タルヴィジオ~フィラハ周辺へ兵力を集中することにより、カール大公はウィーンとの連絡を迅速に行うことができ、リーエンツを経由してチロル軍とのスムーズな連絡が可能となる。
そのため、すべての分遣隊の将軍達はカール大公本体の撤退の動きについて知らされると、戦略的状況に有利な変化をもたらすのではないかという希望を抱いたと言われている。
オーストリア軍のイゾンツォ川からの撤退の開始とフランス軍による追跡
3月19日夜、カール大公はグラディスカの戦いでアウグスティネッツ旅団が降伏したことを知らされた。
そのため3月19日夜から3月20日未明にかけて、急いでイゾンツォ川周辺を撤収しリュブリャナへの後退を開始した。
ロイス将軍はヴィパーヴァへの道を、ゼッケンドルフ将軍はオピチーナ(Opicina)への道を、バヤリッヒ将軍はコバリドへの道を進み、ホーエンツォレルン旅団の歩兵はチェルニッツァ(Črniče)に向かって出発した。
ホーエンツォレルン将軍は20日夜明けまでイゾンツォ川右岸を騎兵隊で維持させて左岸に戻した。
そして20日午前10時、バーバッシー(Barbacsy)中佐率いる2個騎兵中隊を残して前日19日夜に出発した歩兵の後を追わせた。
バーバッシー中佐はできる限りの野戦病院と軍需物資を移動する任務を負い、実際、多くの野戦病院と軍需物資が救われた。
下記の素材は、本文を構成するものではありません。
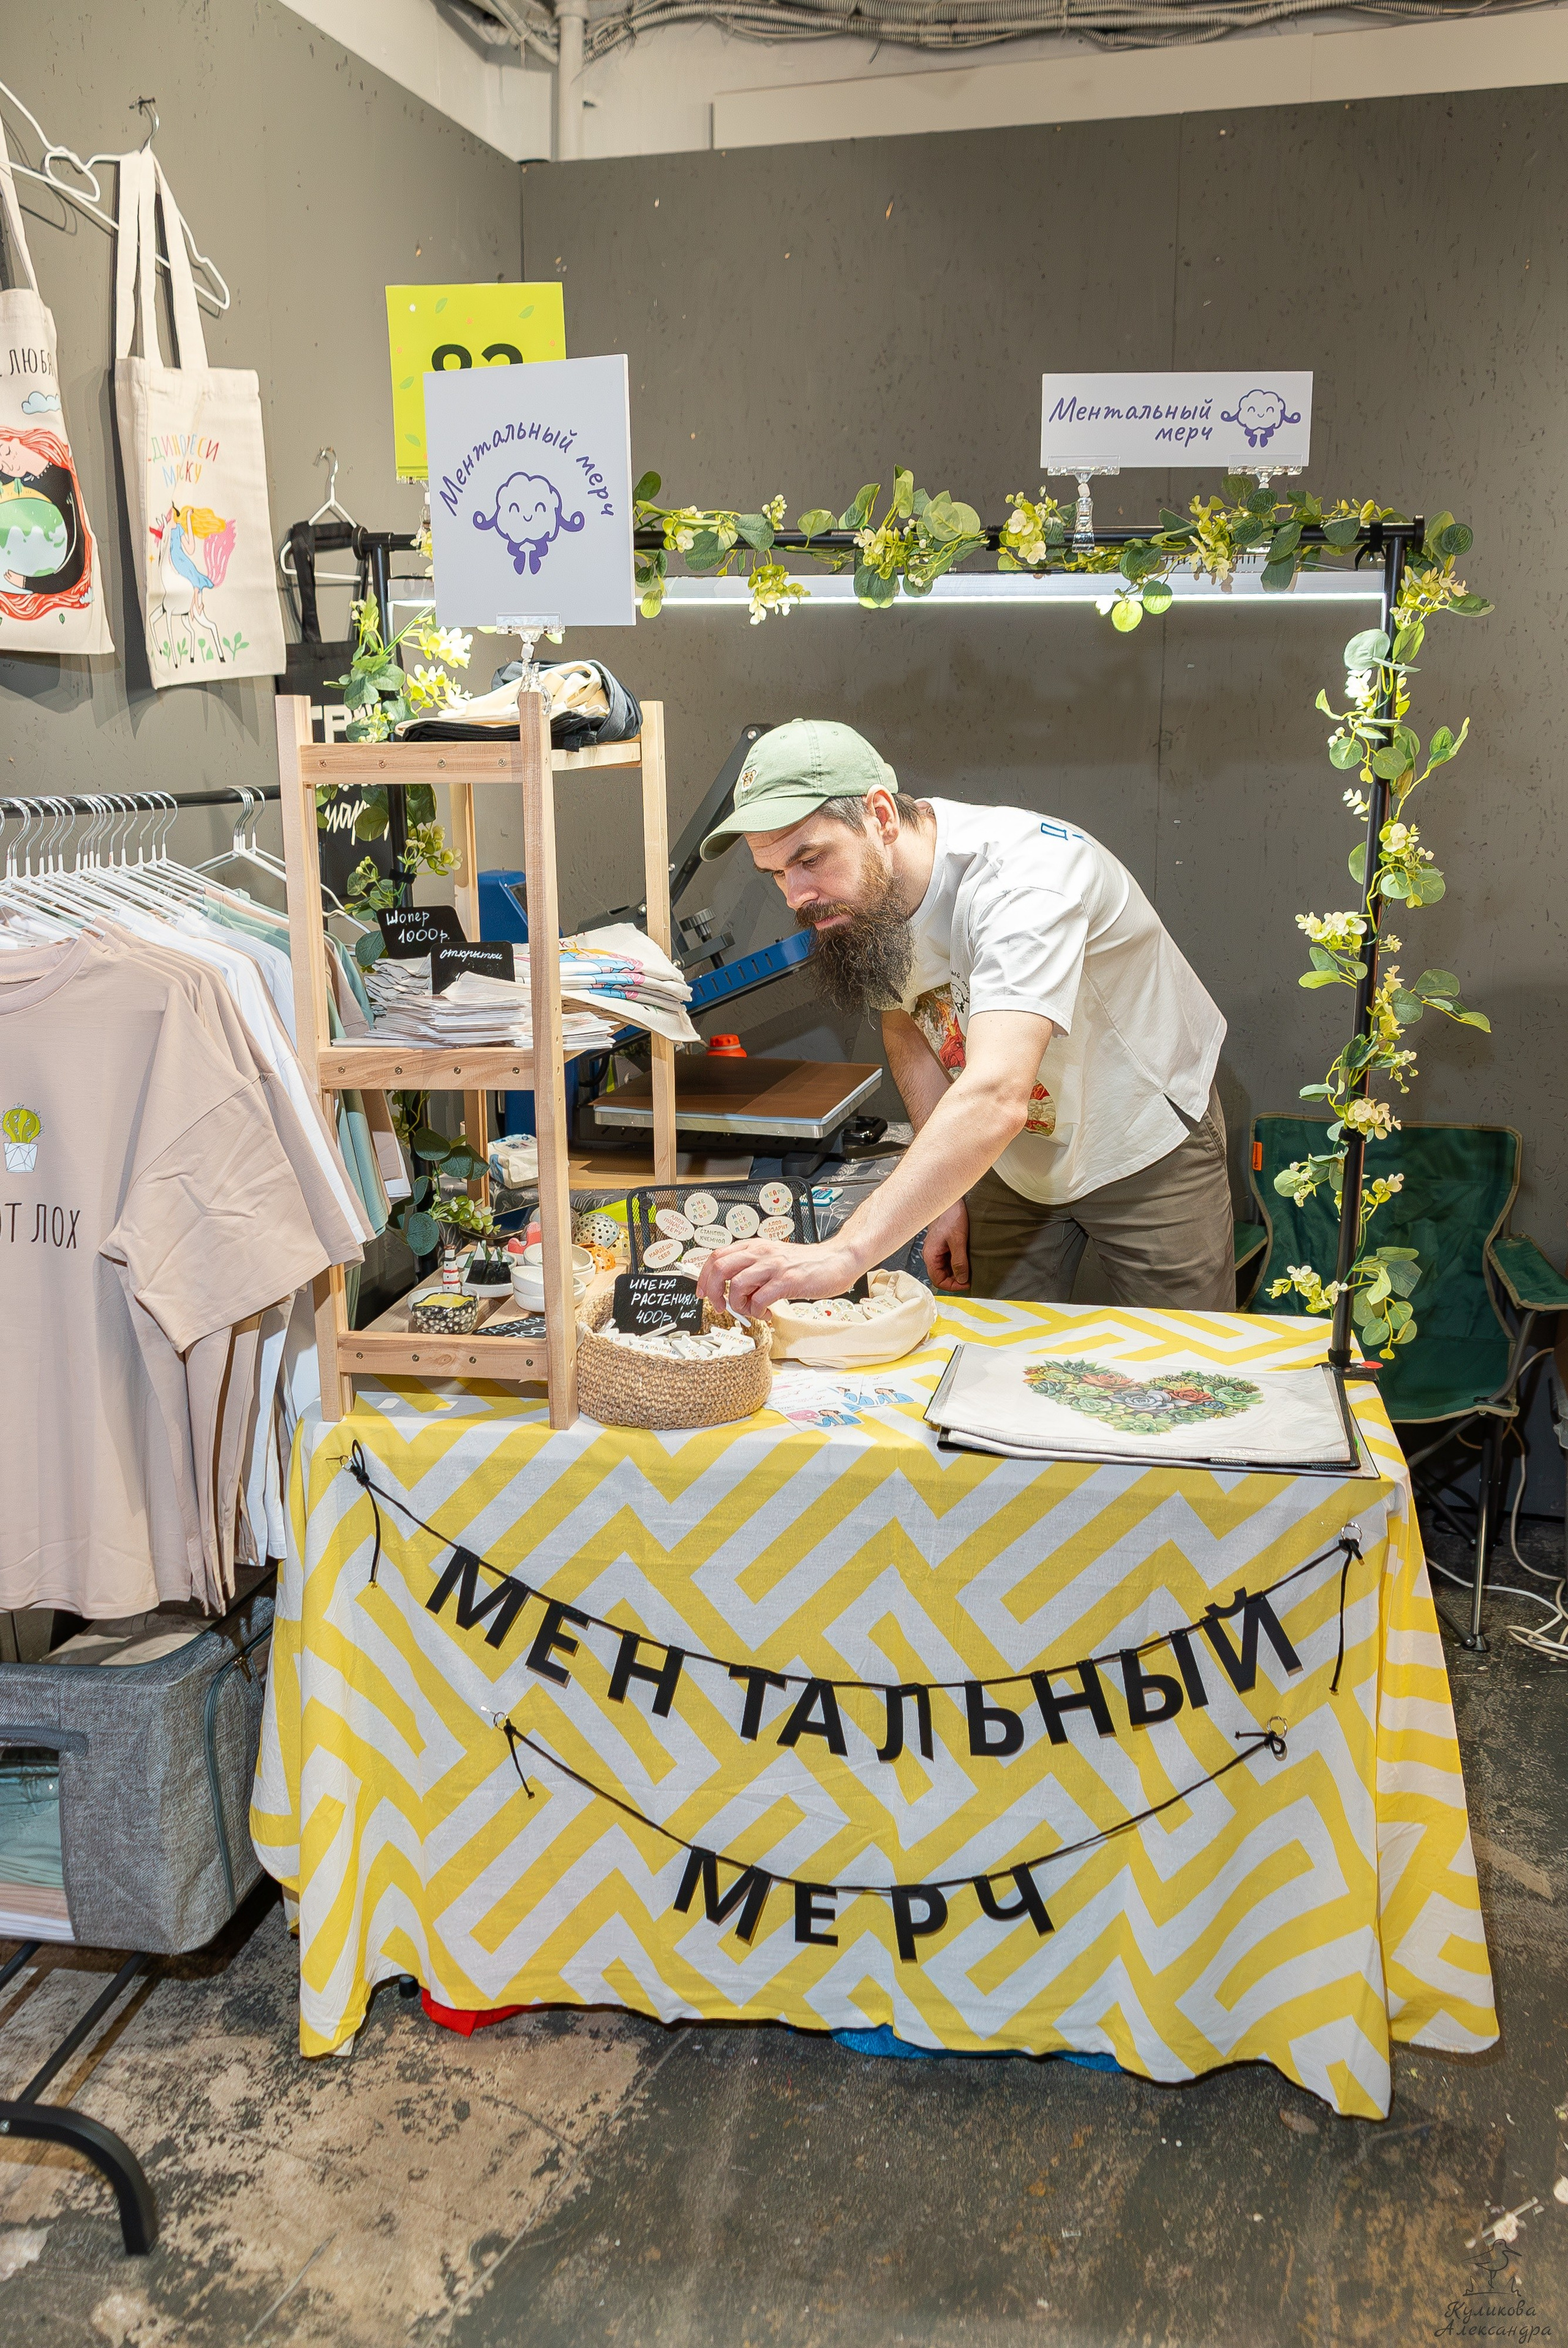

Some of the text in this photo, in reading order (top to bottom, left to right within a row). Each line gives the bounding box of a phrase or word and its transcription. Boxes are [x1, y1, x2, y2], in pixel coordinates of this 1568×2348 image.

3月20日午後、ベルナドット師団が大砲を持ってゴリツィアの町へ前進すると、バーバッシーは撤収準備を行い、ホーエンツォレルン将軍の元に撤退した。
ベルナドット師団の前衛はバーバッシーを追って町を通り、チェルニッツァに向かった。
カール大公はフィラハで全軍を合流させるつもりであり、必要な手配を自分で行うために、クラーニに急いで向かうことを決心した。
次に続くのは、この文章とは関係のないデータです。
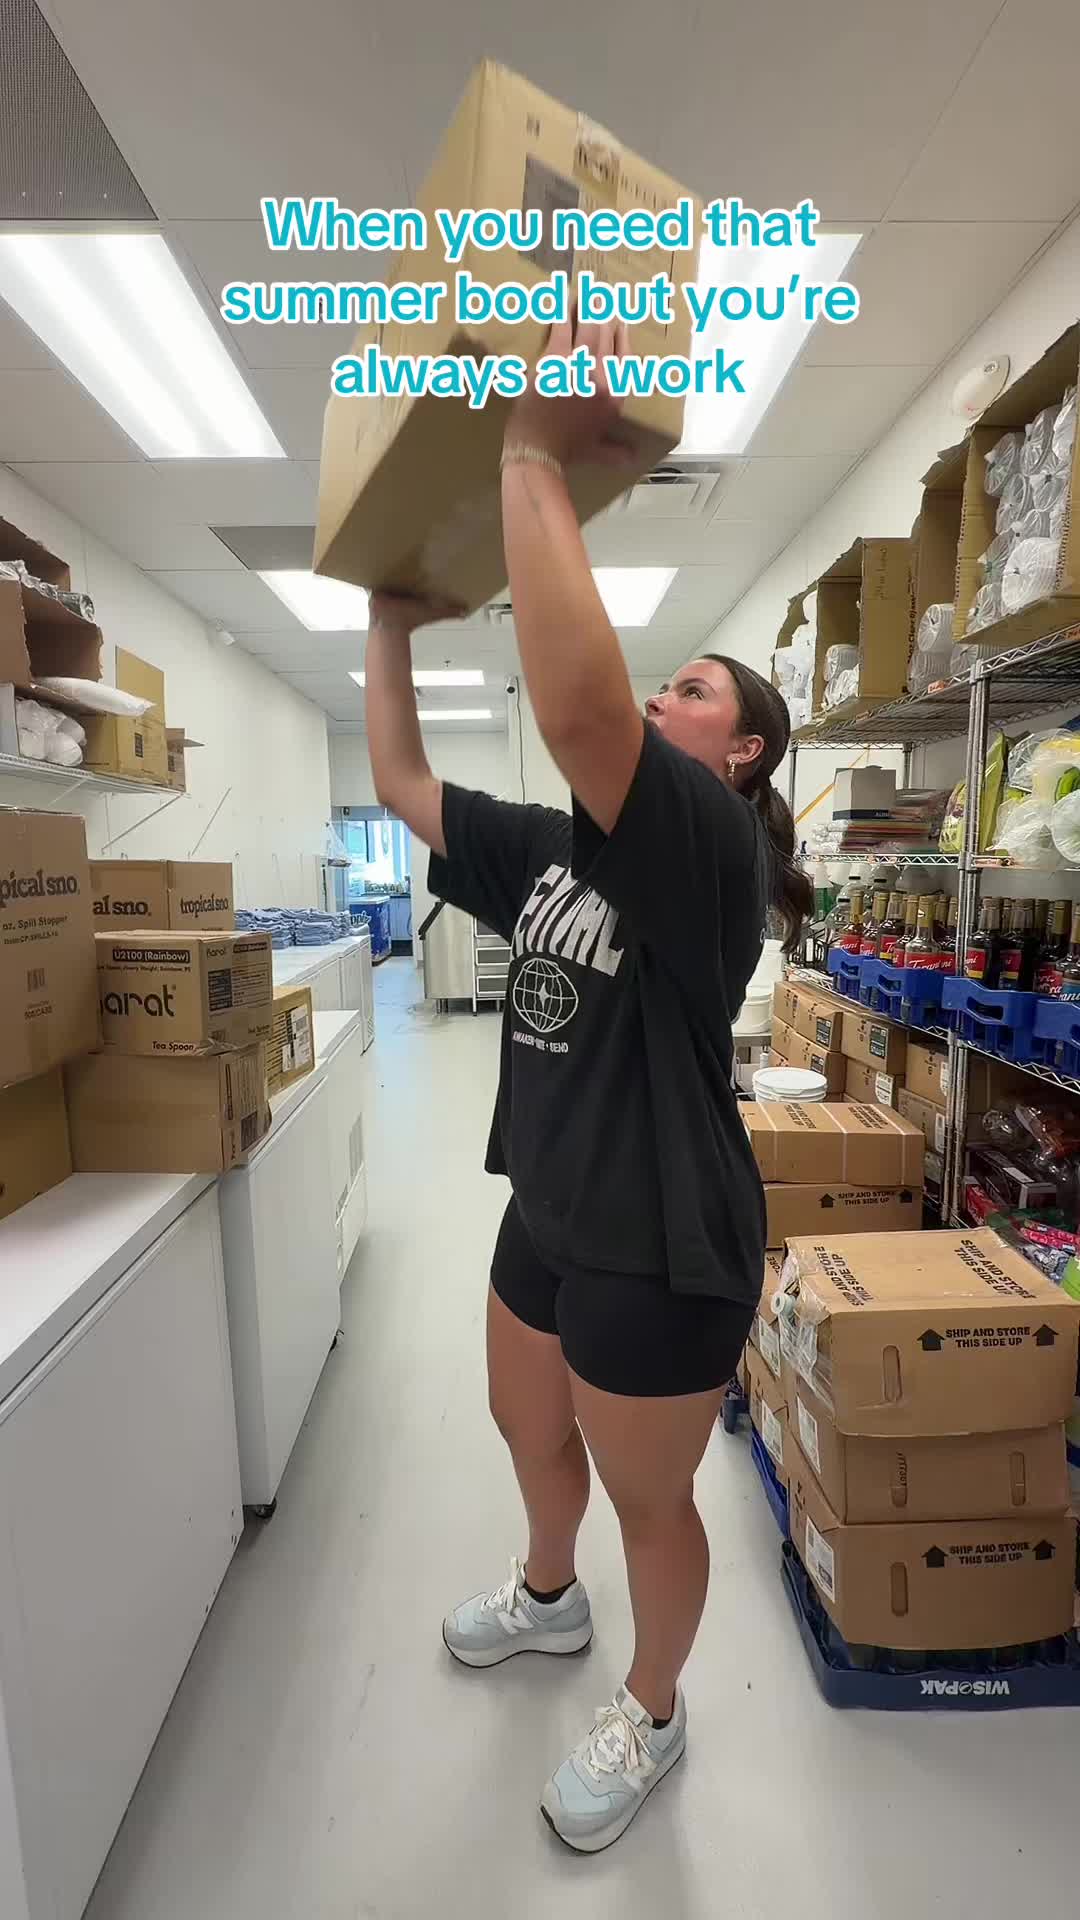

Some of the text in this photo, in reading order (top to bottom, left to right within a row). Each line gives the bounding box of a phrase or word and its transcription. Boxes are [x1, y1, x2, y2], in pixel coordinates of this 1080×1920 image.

[46, 875, 77, 896] sno
[112, 902, 149, 915] sno
[114, 950, 190, 962] U2100 (Rainbow)
[152, 1041, 194, 1052] Tea Spoon
[814, 1246, 837, 1277] STORE
[832, 1253, 847, 1267] UP
[954, 1247, 1013, 1296] THIS SIDE UP
[961, 1239, 1037, 1299] SHIP AND STORE
[831, 1276, 850, 1291] AND
[839, 1268, 860, 1286] SIDE
[945, 1326, 1031, 1338] SHIP AND STORE
[955, 1338, 1023, 1348] THIS SIDE UP
[950, 1542, 1030, 1554] SHIP AND STORE
[958, 1553, 1023, 1565] THIS SIDE UP
そのためヴィパーヴァでロイス将軍に軍の最高指揮権を引き継ぎクラーニに急いだ。
カール大公本体の配置と強度
ホーエンツォレルン将軍、サン・ジュリアン大佐、ケルペン将軍、ゼッケンドルフ将軍の4つの旅団の全部隊を合計すると、193個大隊、13個騎兵中隊を有し、騎兵1,700騎を含む10,200人を数えた。
カール大公はホーエンツォレルン将軍とゼッケンドルフ将軍に命令を下した。
「ゼッケンドルフ旅団がホーエンツォレルン旅団と合流するとすぐに歩兵を敵と2日間の距離に保ち、全騎兵をホーエンツォレルン将軍指揮下に置く。これら(兵力)を反攻作戦にも使用するため、深刻な戦闘に巻き込まれないように気を付ける。行進は可能な限り加速され、リュブリャナとクラーニを経てタルヴィジオに向かい、マリボル(Maribor)への道は騎兵分遣隊によってのみ監視されるべきである。」
一方、コバリド方面では、ゴントルイユ、コボロス、グラッフェンの旅団とフェダック、パウムガルテン、ミーアの各分遣隊が合流し、バヤリッヒ将軍がそれらを率いた。
バヤリッヒ師団は10個大隊、34個騎兵中隊を有し、騎兵400騎を含む6,500人となった。
カール大公は、3月20日にすでに失われていたタルヴィジオでメルカンディン師団、オクスカイ旅団、ゼットウィッツ少佐のクロアチア2個大隊が合流し、リュブリャナを経由して移動しようとしているロイス将軍がタルヴィジオで合流するまで持ち堪えることを望んでいた。